All Wrapped Up

By Ridley C. James, December 2005

Rating: T, just to be safe, but probably K

Disclaimer: Sorry, I have never been that good in my entire life, so I don’t see Santa stuffing the boys down my chimney any time soon. Nothing Supernatural belongs to me.

Words: 3.423


Eleven year-old Dean Winchesterwas bringing in some fire wood from the old sagging back porch when he heard it.


His breath quickened, sending puffy white clouds of frozen condensation into the air, and he nearly slipped on the icy planks as he rushed to get back inside with his heavy load.

At first, his young mind conjured the obvious Winchester disaster. Something had finally found them.

Just like in his really bad dreams, the monster who had taken his mother was back again to finish what it had started six years before. A little part of him was always expecting it to come back. One day he knew that it would.

But then he heard his father's deep, booming voice more clearly and it wasn't fear he had detected. He'd heard his dad scared before, and this was different. It was another familiar emotion that he'd grown accustomed to, especially since the calendar had once again rolled around to November and beyond.

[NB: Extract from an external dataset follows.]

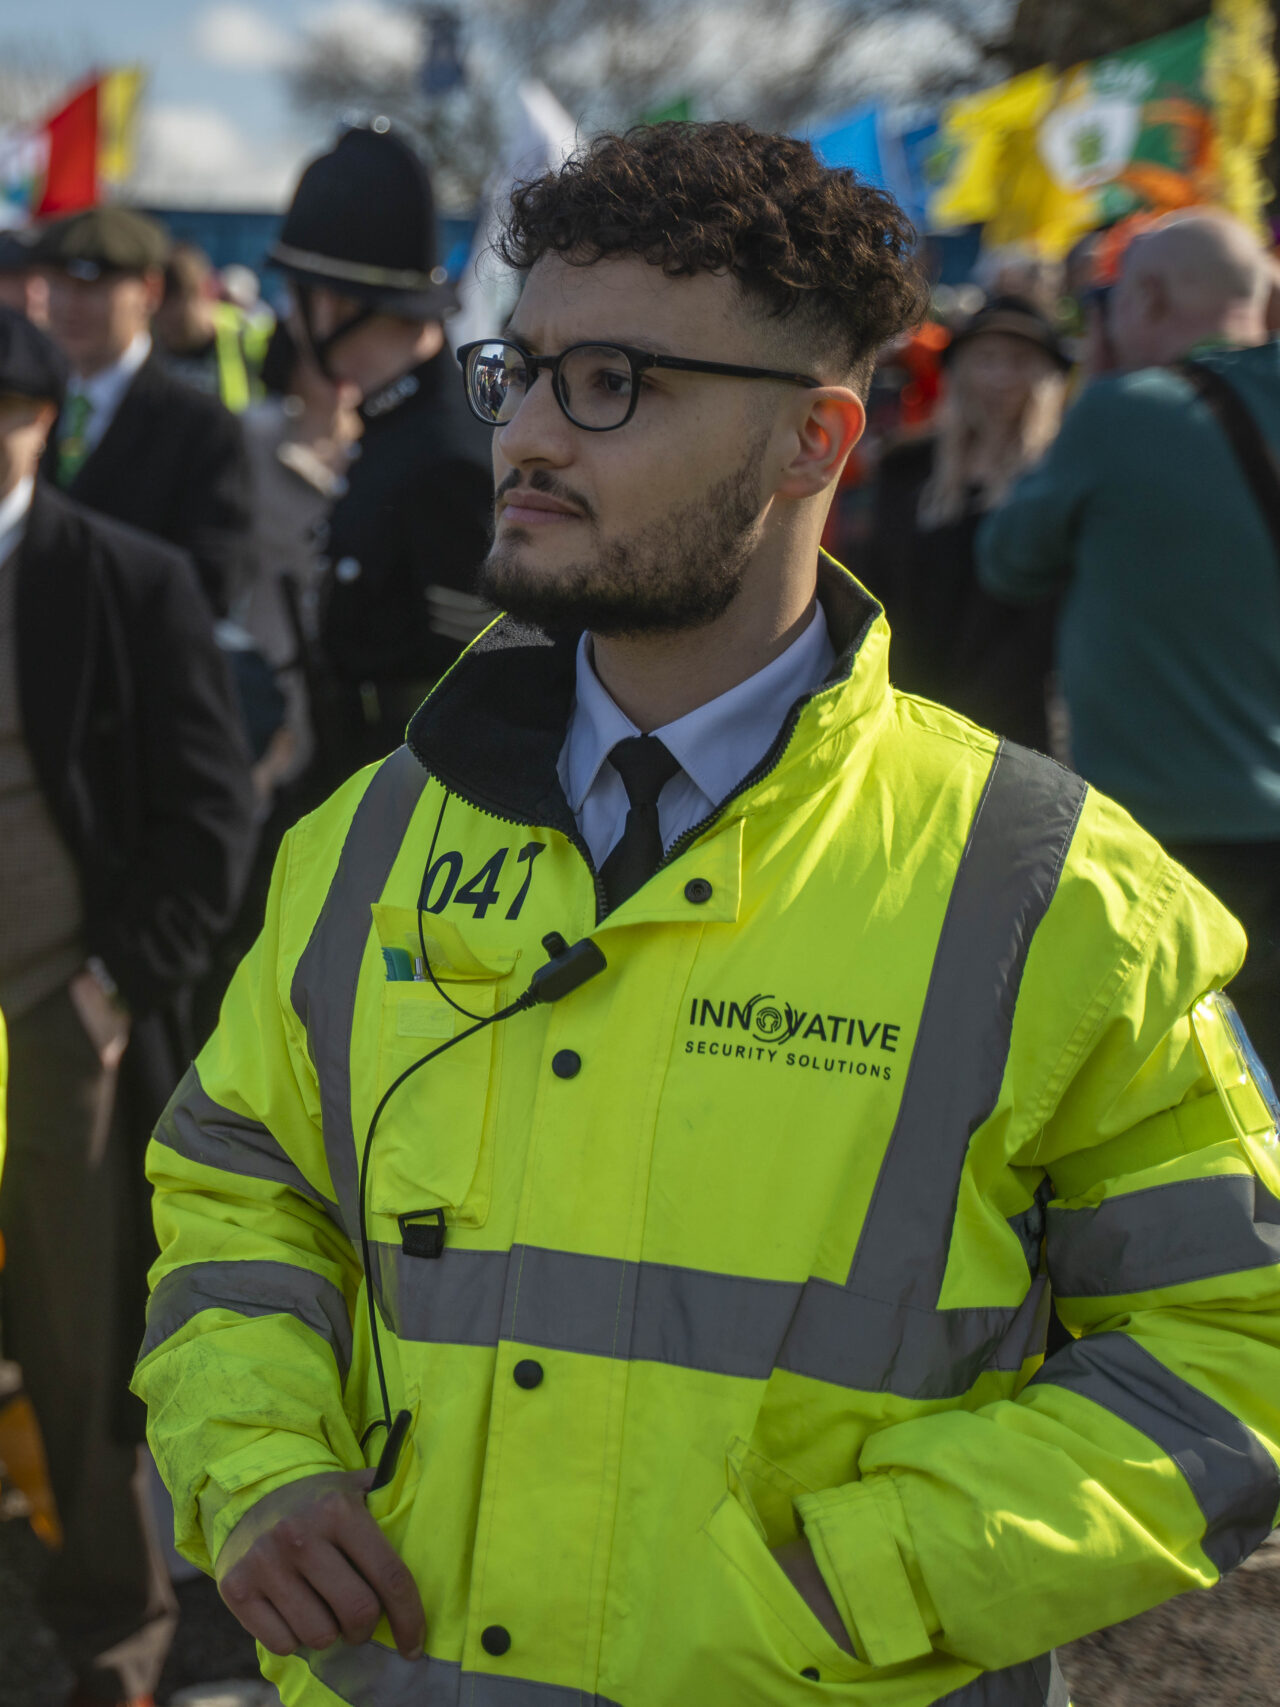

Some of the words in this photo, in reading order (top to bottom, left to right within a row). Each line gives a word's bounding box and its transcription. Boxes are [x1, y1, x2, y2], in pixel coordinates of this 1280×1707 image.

[689, 993, 901, 1053] INNOVATIVE
[685, 1040, 778, 1062] SECURITY
[785, 1052, 892, 1081] SOLUTIONS
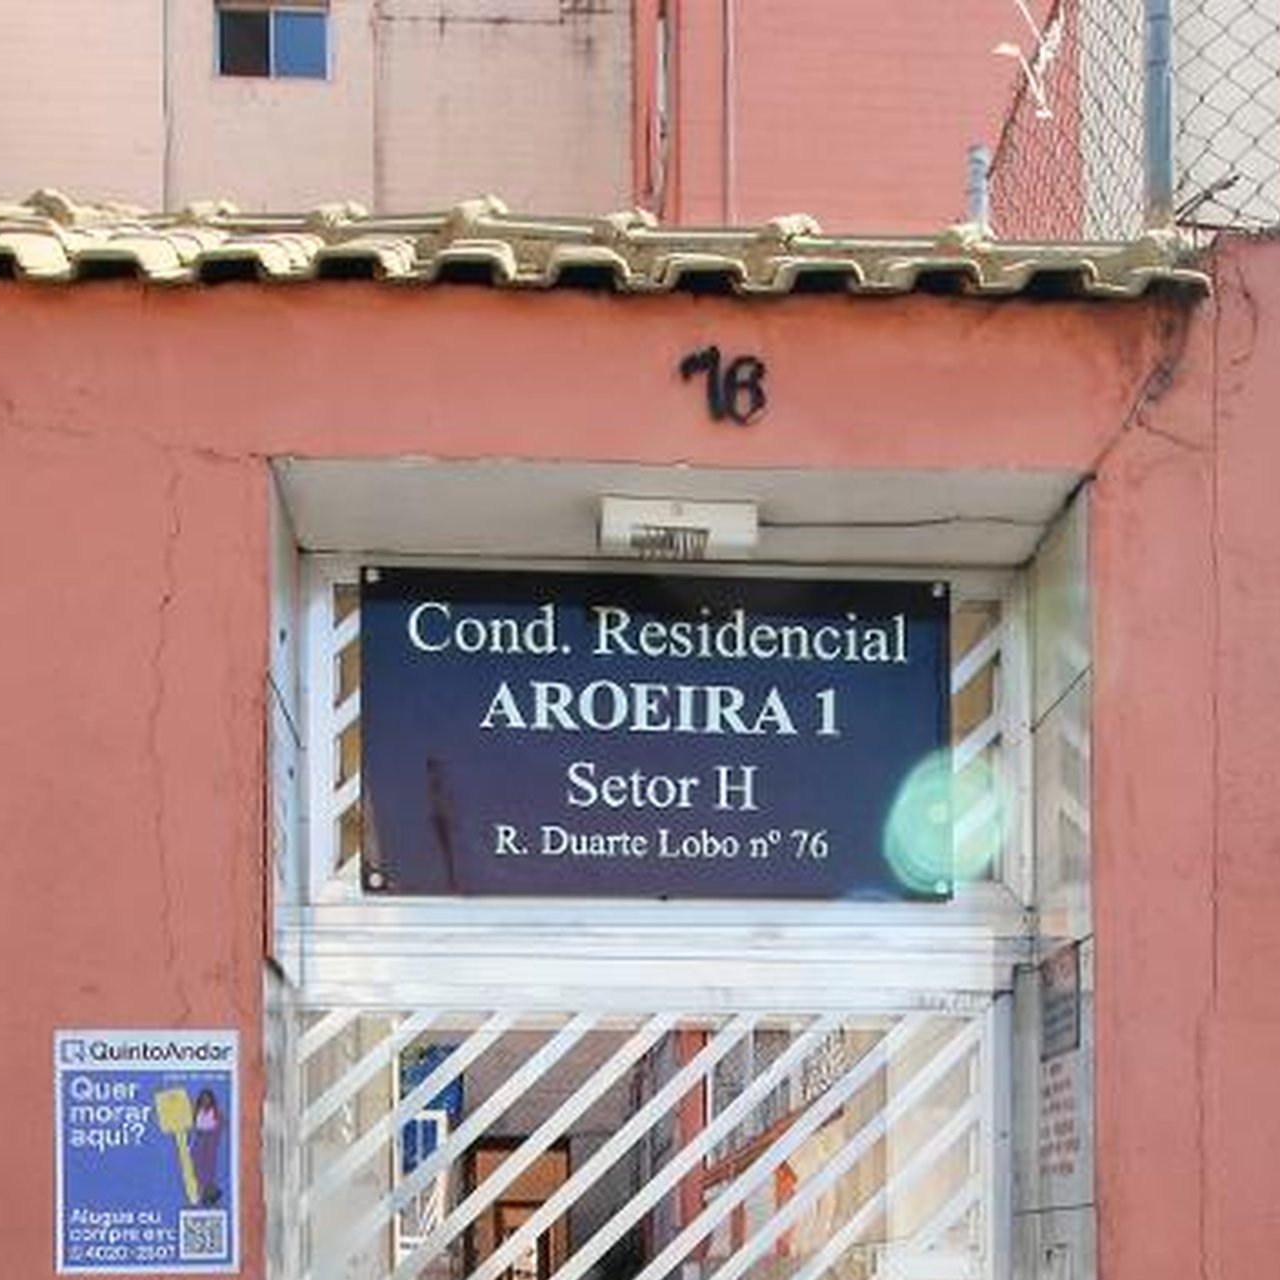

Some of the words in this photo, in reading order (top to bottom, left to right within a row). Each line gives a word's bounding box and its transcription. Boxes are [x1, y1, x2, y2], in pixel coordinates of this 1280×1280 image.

It was anger he heard wrapped around every harsh word his dad was shouting and Dean wasn't sure if that was better than fear or much worse.

The pre-teen braced himself for whatever had roused the sleeping beast and opened the back door of the old abandoned farm house that they were currently staying in.

John hadn't explained how exactly they knew the family that owned it, but he'd told the boys that it was theirs for as long as they needed it.

Dean really hoped that wasn't going to be too long.

The two-story house was practically falling down around them and even a kid could understand why any normalfamily would up and leave the old place.

Still, he supposed it was better than the truck, especially since the winters in West Virginia were a lot colder than they had been on the West coast, where the Winchester's had spent the last two Holiday seasons.

The only good thing was the snow-Sam was so excited about the snow.

“Do you understand me, young man?” Dean stepped into the kitchen in time to see his father grab his younger brother by the shoulders and give him a hard shake. “Don't ever let me hear you say anything like that again!”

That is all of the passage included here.